Fri 17 Jan 2020

It's your fault, no it's your fault

Whose fault was it anyway? - Stepping forward to 'No Fault' divorce in England and Wales.

On 13 June 2019 Justice David Gauke introduced the Divorce, Dissolution and Separation Bill into the House of Commons. In September it was dropped due to its lack of progress as the government scrambled to prepare for Brexit on 31 October 2019.

The recent Queen's Speech to Parliament put the Bill back onto the agenda, although the process must begin afresh with MPs moving to pass the legislation. It is understood by the writer that it is now full speed ahead, and that the government has put divorce reform back on the political agenda with a real enthusiasm that this change is necessary for society.

The Bill brings long awaited changes to the Matrimonial Causes Act 1973 and in particular the introduction of a 'no fault' divorce in England and Wales.

As it stands there is currently only one ground for divorce in England and Wales - that being that the marriage has irretrievably broken down. Parties must then rely on one of the following five facts to support this: adultery, behaviour, desertion, two years separation with consent and five years separation.

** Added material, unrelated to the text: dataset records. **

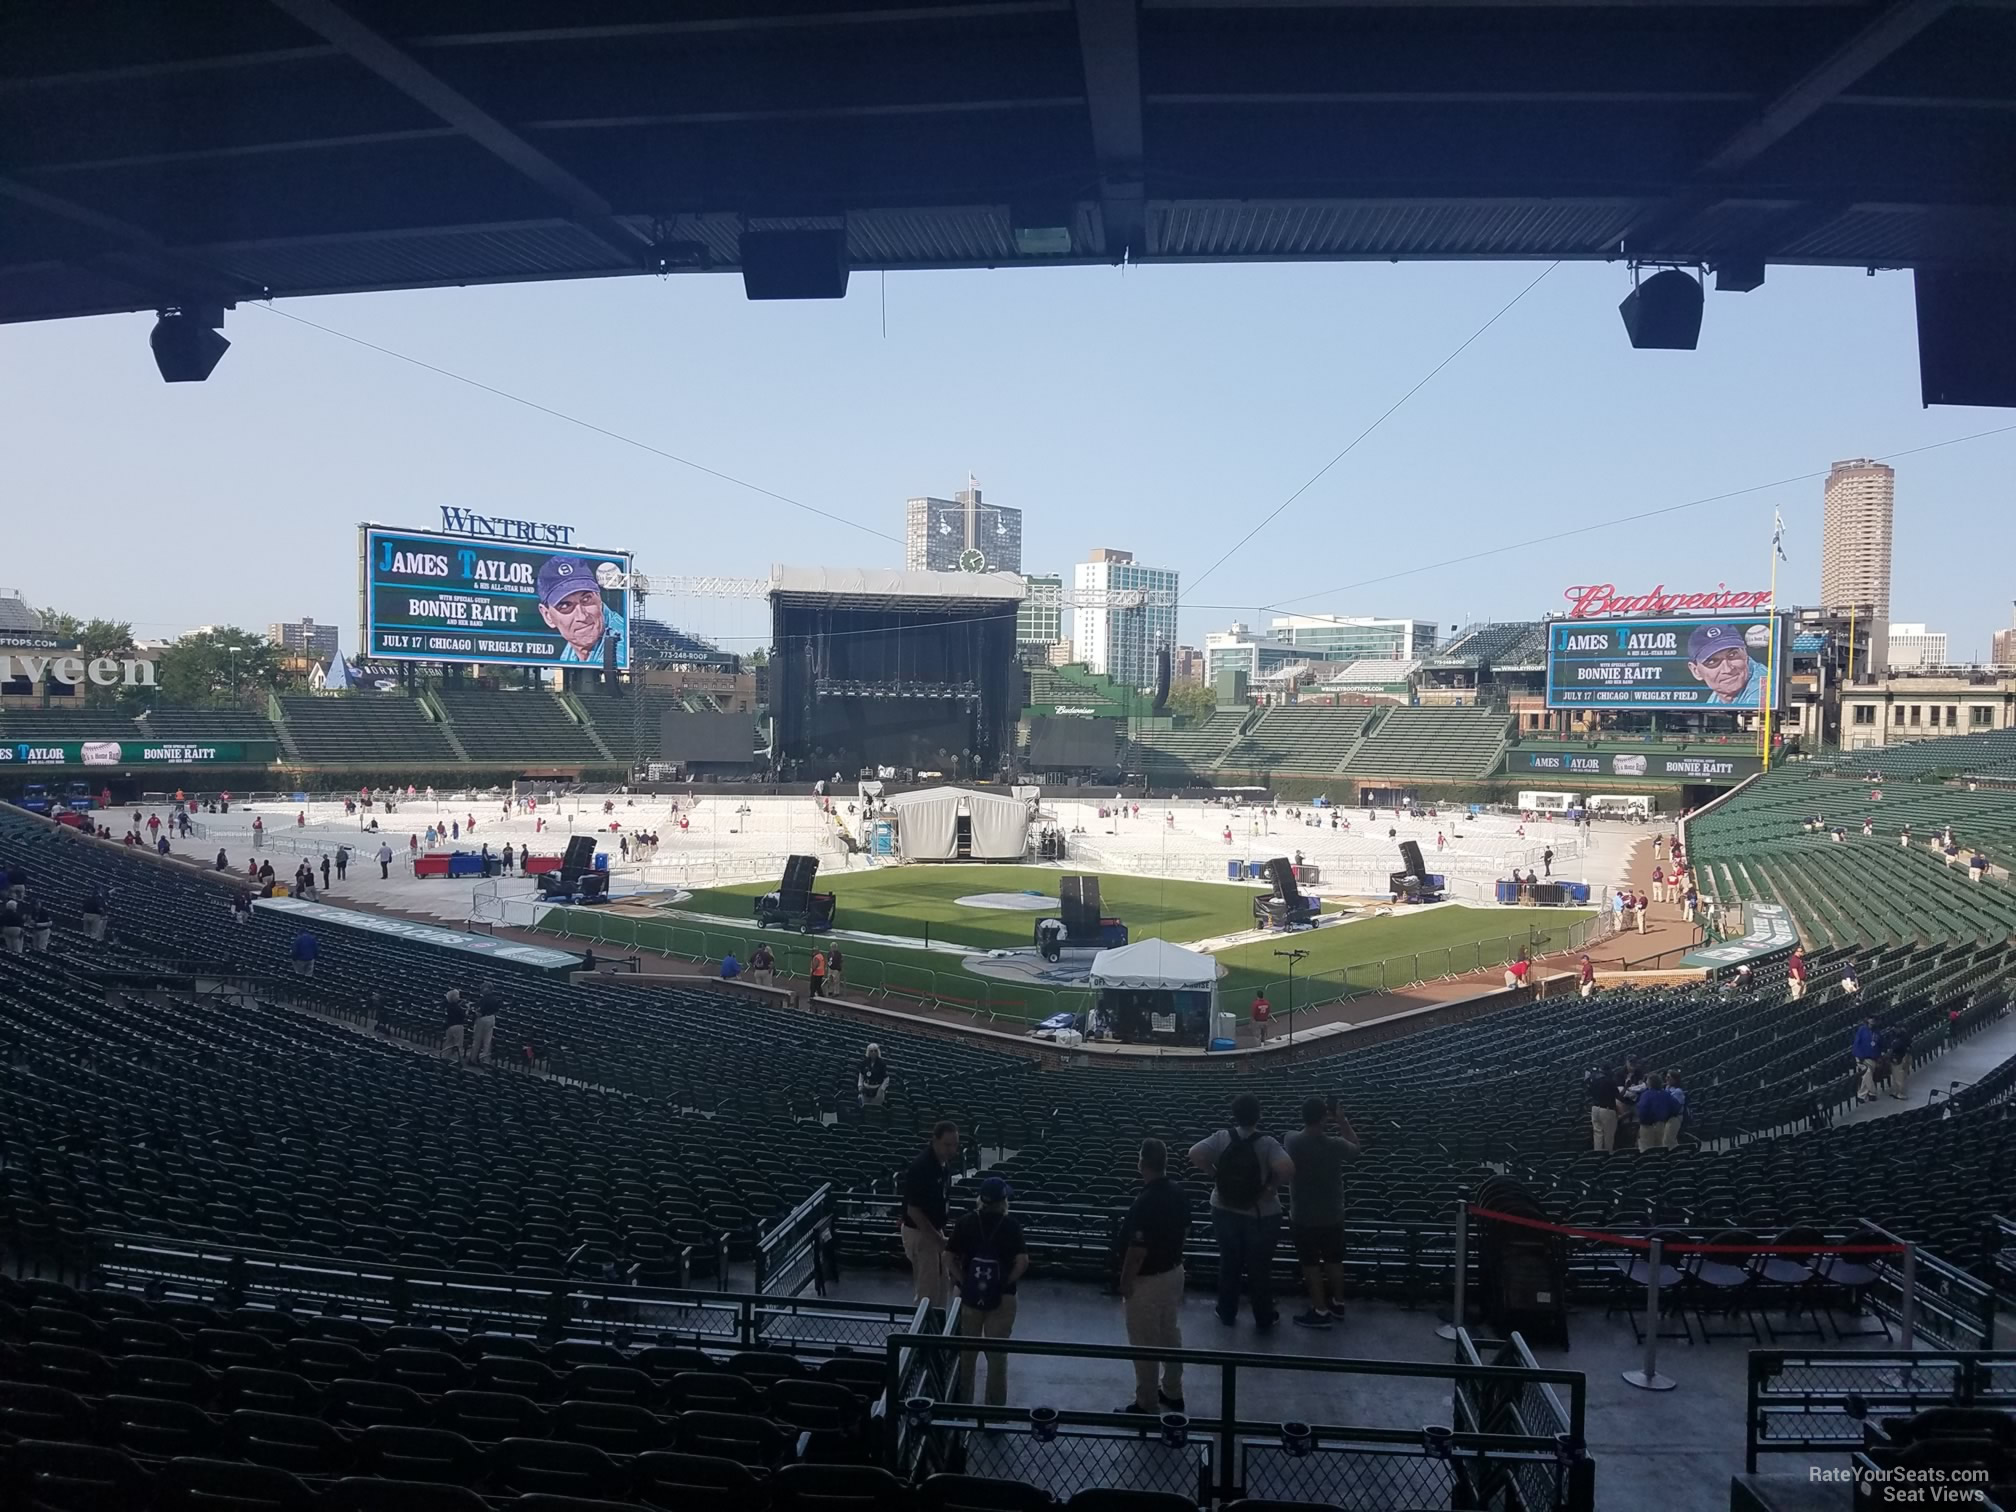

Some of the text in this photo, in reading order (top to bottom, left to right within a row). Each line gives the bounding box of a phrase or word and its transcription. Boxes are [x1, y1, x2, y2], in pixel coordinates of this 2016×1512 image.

[440, 505, 575, 545] WINTRUST
[379, 542, 535, 584] JAMES TAYLOR
[490, 584, 519, 592] ALL-STAR
[1564, 583, 1772, 618] Budweiser
[409, 599, 518, 622] BONNIE RAITT
[382, 635, 555, 655] JULY 17 CHICAGO WRIGLEY FIELD
[1558, 628, 1677, 650] JAMES TAYLOR
[1577, 667, 1662, 680] BONNIE RAITT
[1563, 692, 1698, 700] JULY 17 CHICAGO WRIGLEY FIELD
[1055, 705, 1096, 714] Budweiser
[18, 744, 65, 760] TAYLOR
[144, 748, 216, 759] BONNIE RAITT
[1530, 752, 1599, 768] JAMES TAYLOR
[1666, 762, 1733, 773] BONNIE RAITT
[319, 912, 474, 945] CHICAGO CUBS

The difficulty comes in that often parties who have decided to separate amicably do not want to wait for two years to get divorced. Neither do they want to begin a blame game when neither party is really responsible for the separation. In the past this has led to a sham exercise where one party agreed to accept the 'blame' and the other to petition for divorce based on 'unreasonable' behaviour. At first the Petitioner in this situation was encouraged to rely on behaviour as generously as possible so as to not to ruffle the feathers of the Respondent, especially before financial negotiations had taken place. However, with recent 'light' behaviour cases being turned away at court, many parties and solicitors are being forced to ramp up behaviour petitions just to get them through the court. 

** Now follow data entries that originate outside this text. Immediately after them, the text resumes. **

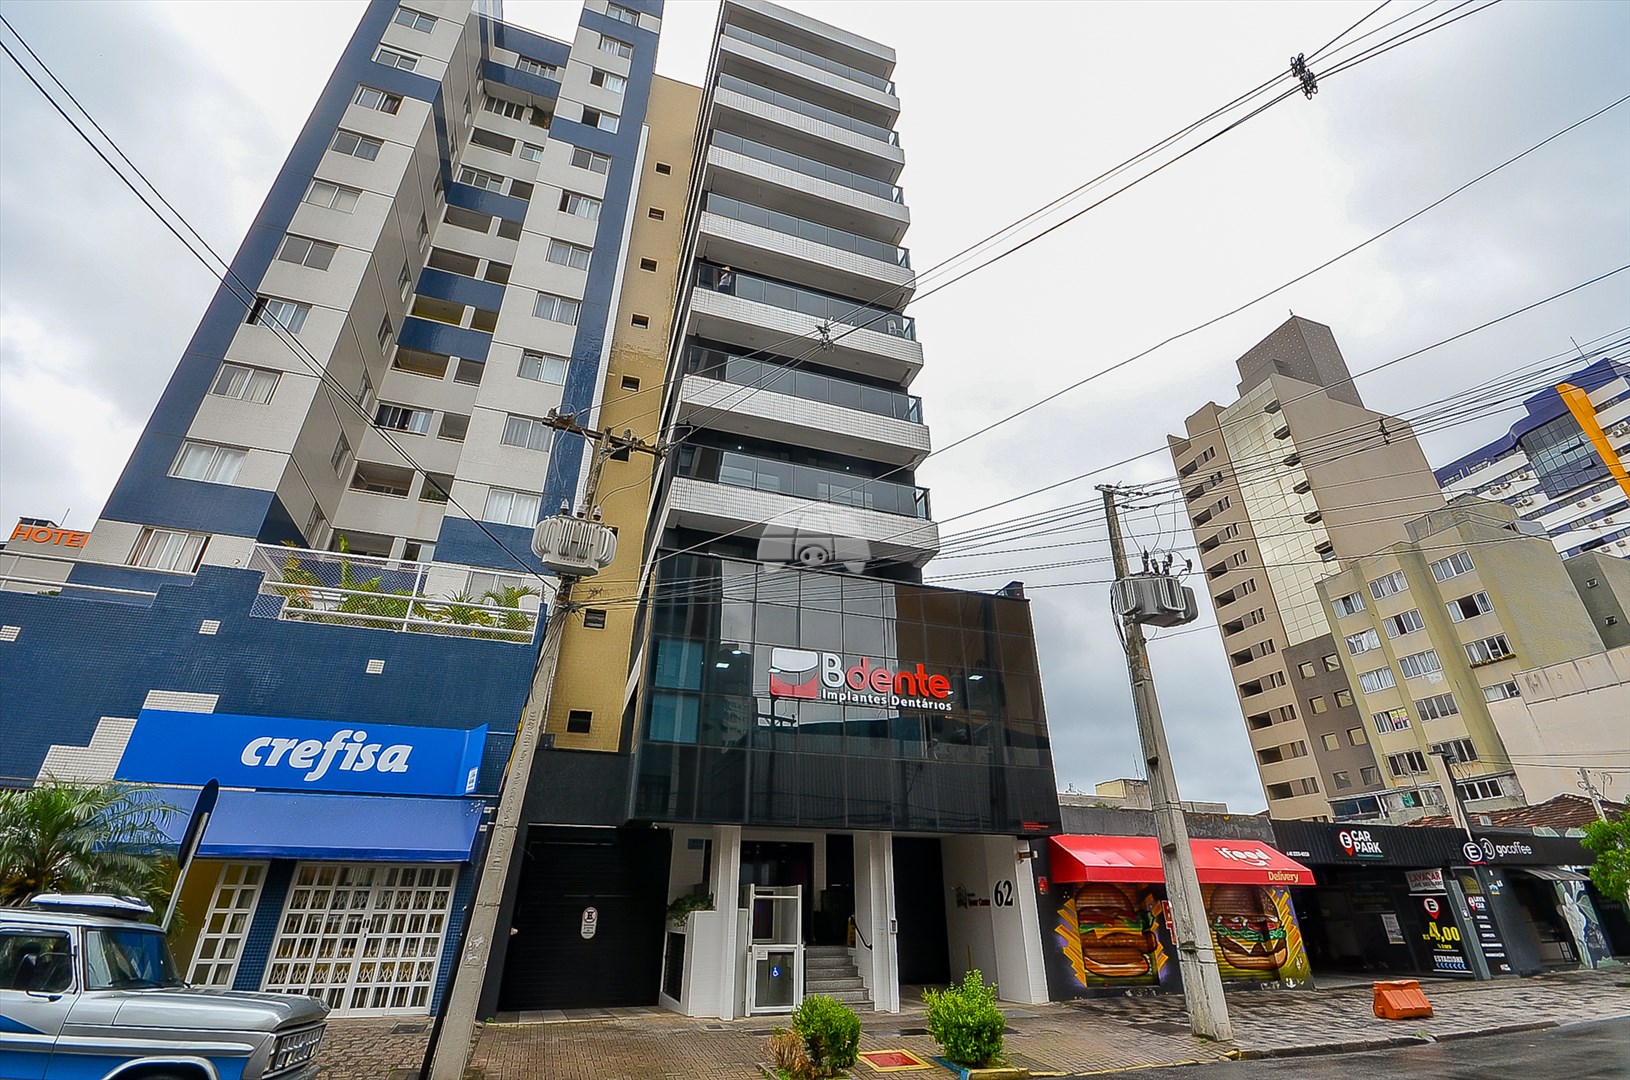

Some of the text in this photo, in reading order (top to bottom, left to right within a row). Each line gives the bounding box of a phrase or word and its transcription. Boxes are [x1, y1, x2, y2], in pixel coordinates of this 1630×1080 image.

[821, 652, 951, 698] Bdente
[822, 689, 952, 711] Implantes Dentários
[241, 729, 414, 782] crefisa
[1351, 830, 1372, 841] CAR
[1353, 841, 1382, 853] PARK
[1495, 842, 1533, 857] gocoffee
[1267, 870, 1299, 883] Delivery
[994, 880, 1013, 907] 62
[1429, 922, 1460, 942] 4,00

So what about when no party is at 'fault' but one party simply doesn't want to be divorced? Within the current legislation they can effectively trap the other party for five years in a loveless marriage. In the recent case of Owens v Owens, Tini Owens was denied the right to divorce her husband for five years as he refused to consent to the divorce. Mrs Owens, whose marriage had broken down, then tried to rely on Mr Owens' behaviour in her petition. When Mr Owens defended the petition the Family Court ruled that his wife had indeed not proven his behaviour to be unreasonable enough to be the cause of the marriage failure, with the Judge calling her allegations 'flimsy and exaggerated'. The Supreme Court upheld the decision that within the current legislation Mrs Owens would need to remain unhappily married until she could rely on five years separation, unless of course Mr Owens has a change of heart and granted his consent.

Historically, the public has aligned with the current fault based system within divorce proceedings. In part as it held a guilty party accountable for the failure of a marriage. Some believe it has also made it harder to divorce and therefore encouraged couples to work harder at their marriage, rather than just throwing in the towel at the first sign of trouble. While these opinions are still arguable, what has become clear is that fault based divorce certainly doesn't work for many, and in particular can have a much wider negative impact on those separating who have children.

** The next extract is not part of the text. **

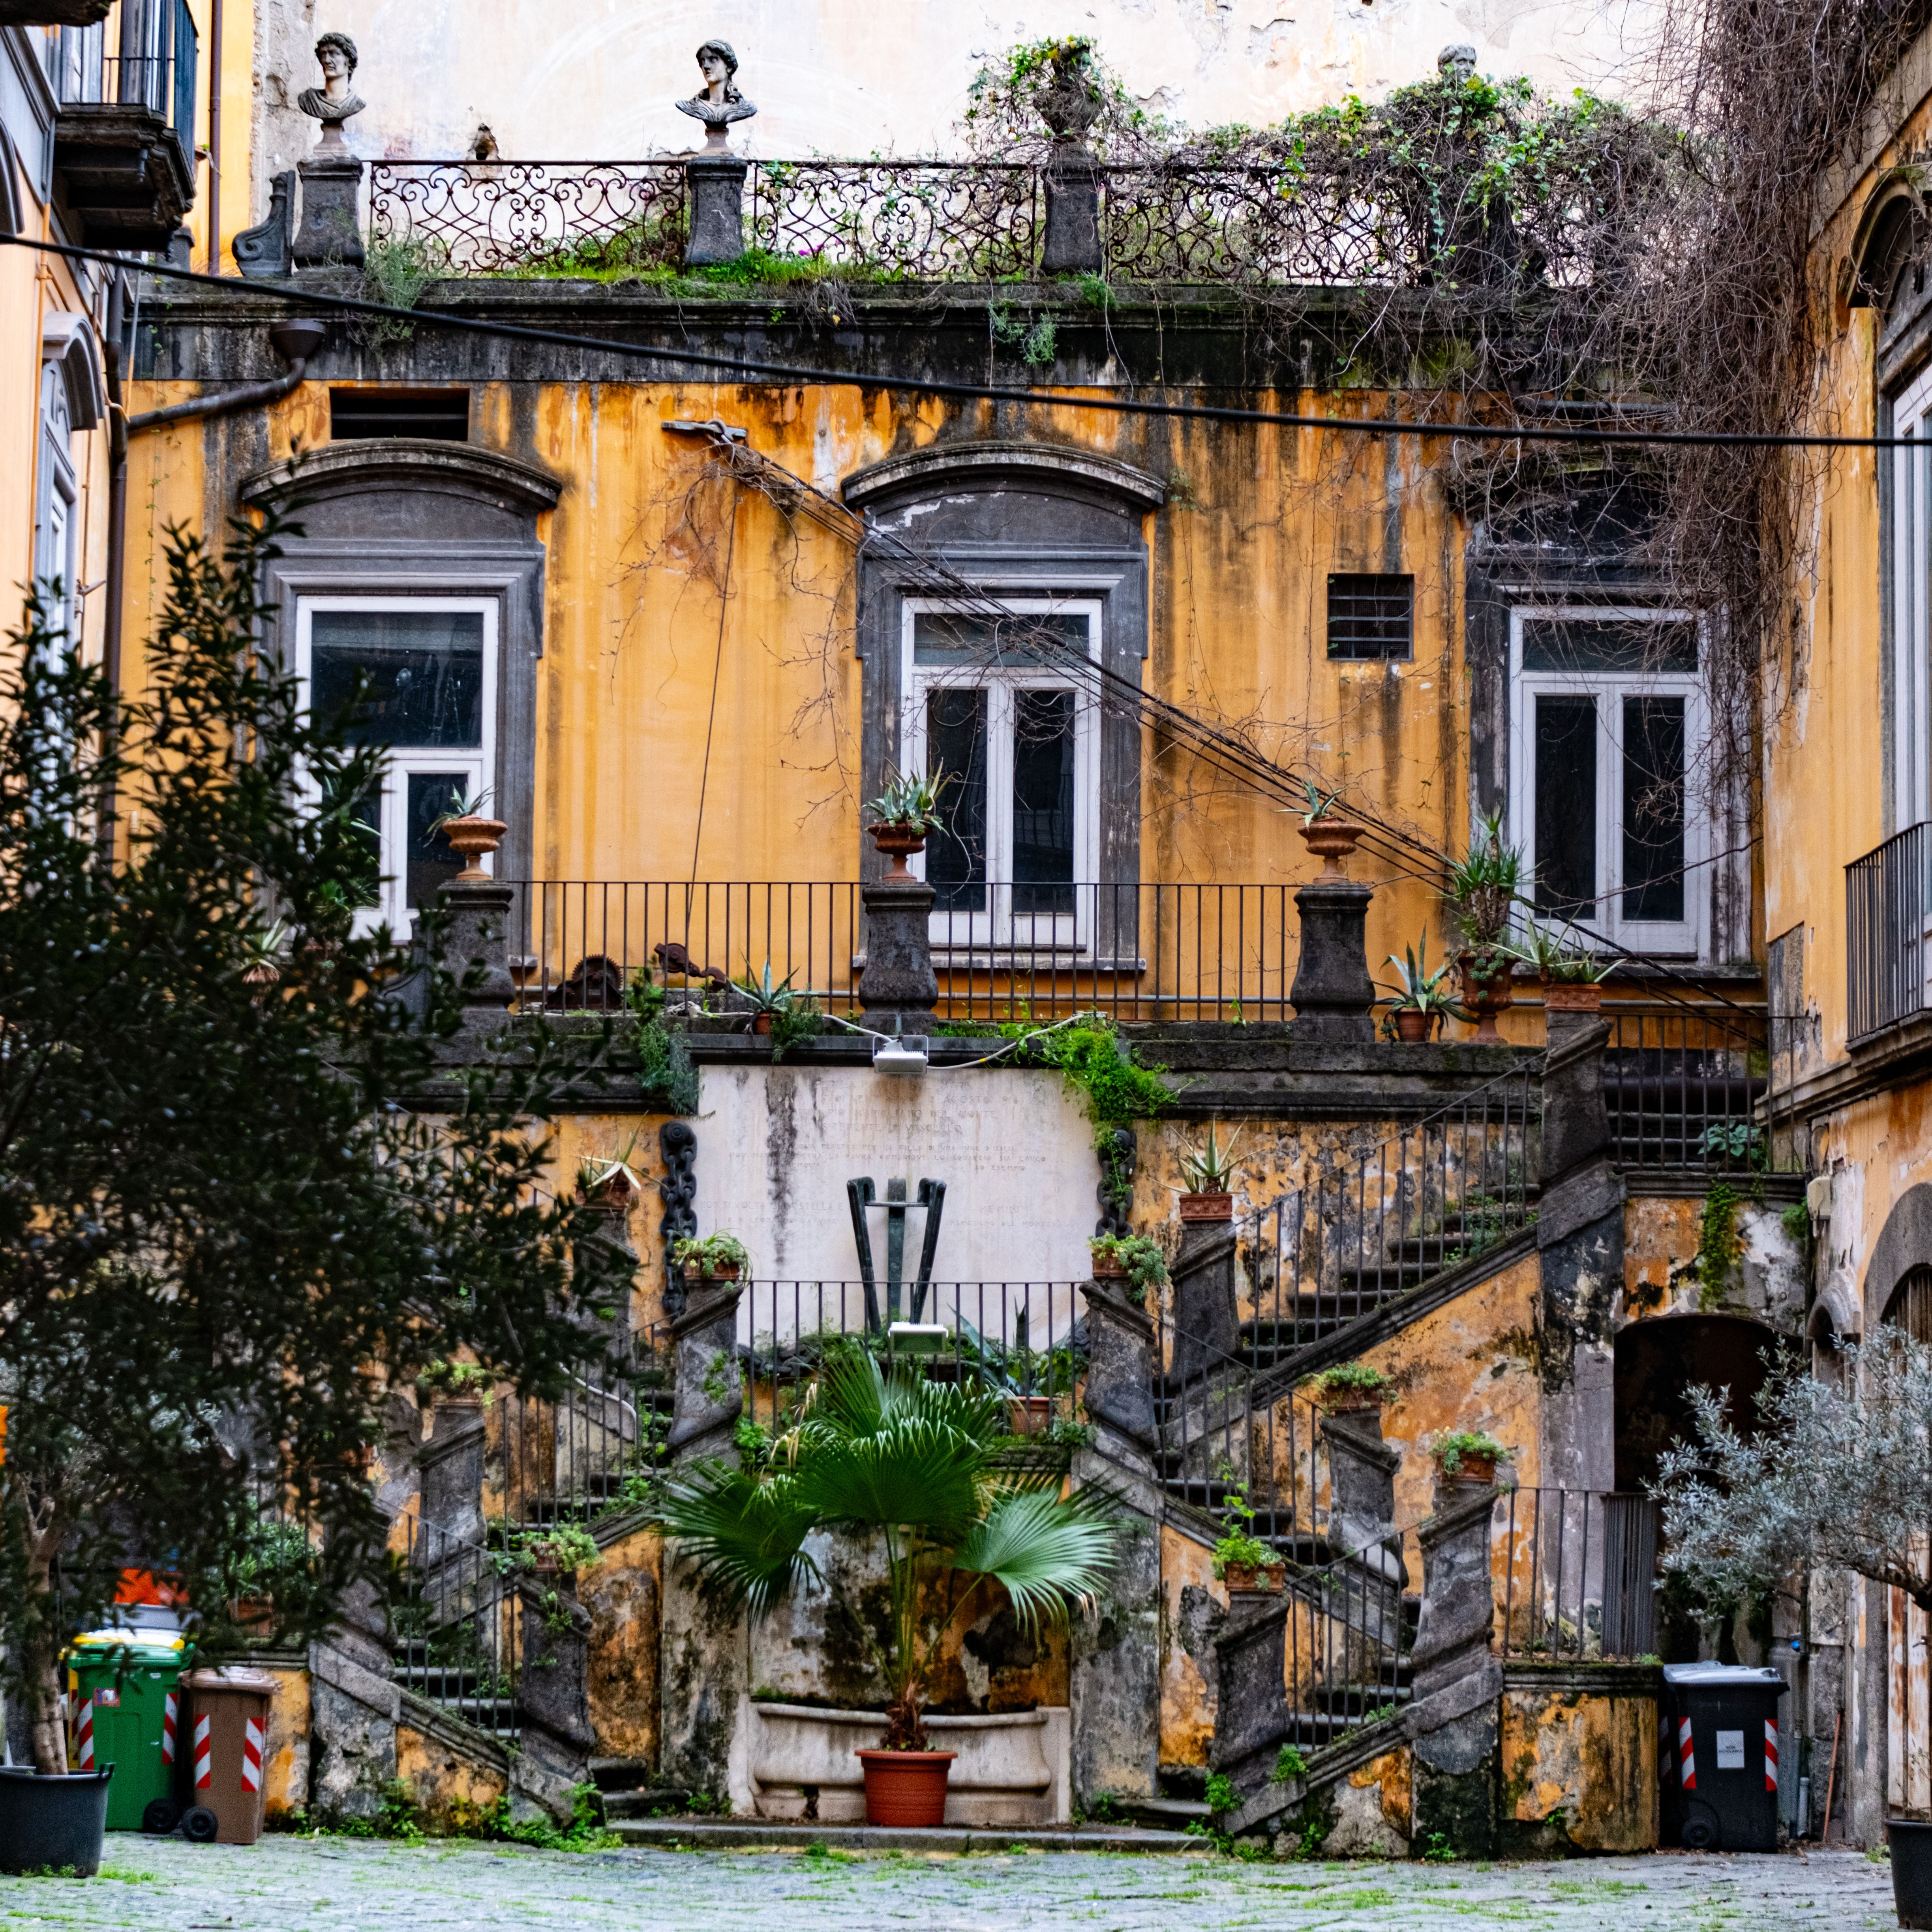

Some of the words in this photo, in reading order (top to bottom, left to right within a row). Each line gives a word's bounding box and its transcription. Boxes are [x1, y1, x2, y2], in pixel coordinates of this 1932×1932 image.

[930, 1110, 951, 1118] DEL
[905, 1124, 962, 1133] VASCELLO
[799, 1202, 833, 1210] STELLA

Currently in England, financial, divorce and child proceedings are all dealt with separately. Yet there is a clear contrast in how the parties are encouraged to interact with each other in each of these proceedings. Within financial proceedings parties are advised to voluntarily disclose assets and try to reach a settlement, indeed they are given numerous opportunities to do so throughout proceedings. Within child proceedings parents are reminded again and again that they should strive to co-parent effectively and reach mutual decisions for the benefit of their children, whom they will share long after separation. Yet within divorce proceedings parties must be prepared to dish out the dirt on their partners if they want a shot at separating quickly.

With many countries having moved away from fault based divorces including Australia, China, Spain and Germany, it seems certain then that England and Wales will also step forward towards no fault divorce. Family solicitors and couples alike will be hoping that Parliament will follow through and make this a priority for 2020.